§ Task directions
With every picture left out, give the data below back exactly.

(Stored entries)
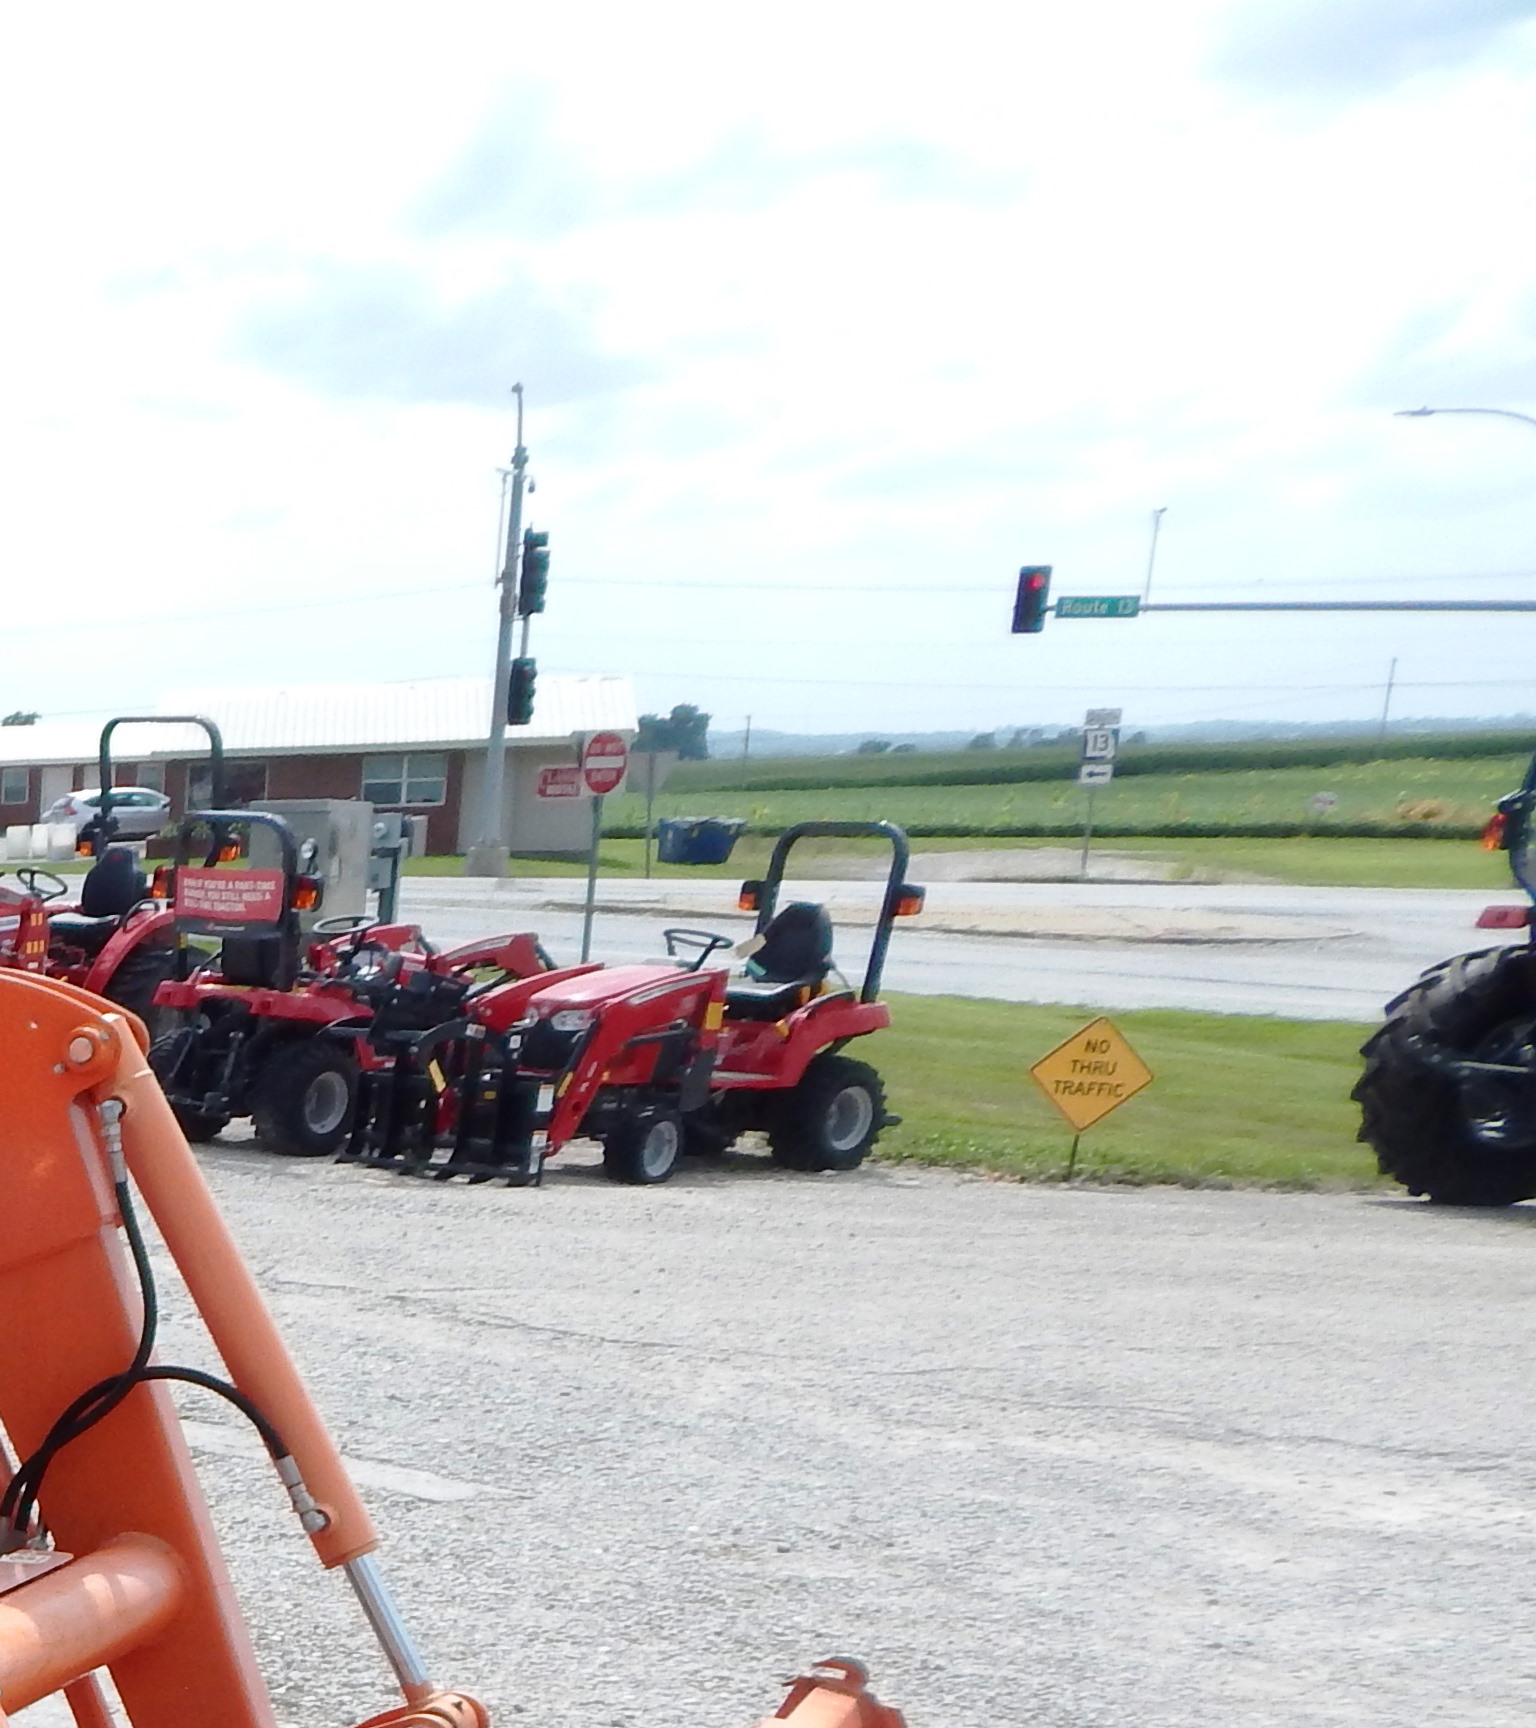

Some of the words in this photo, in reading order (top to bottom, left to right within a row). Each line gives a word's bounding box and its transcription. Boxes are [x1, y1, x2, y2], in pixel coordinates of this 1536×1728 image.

[1062, 600, 1109, 615] Route
[1093, 734, 1109, 752] 13
[1084, 1039, 1111, 1054] NO
[1071, 1059, 1118, 1076] THRU
[1054, 1080, 1126, 1098] TRAFFIC

§ Task solution
Some of the words in this photo, in reading order (top to bottom, left to right within a row). Each line gives a word's bounding box and its transcription. Boxes are [x1, y1, x2, y2], in pixel coordinates of this 1536×1728 image.

[1062, 600, 1109, 615] Route
[1093, 734, 1109, 752] 13
[1084, 1039, 1111, 1054] NO
[1071, 1059, 1118, 1076] THRU
[1054, 1080, 1126, 1098] TRAFFIC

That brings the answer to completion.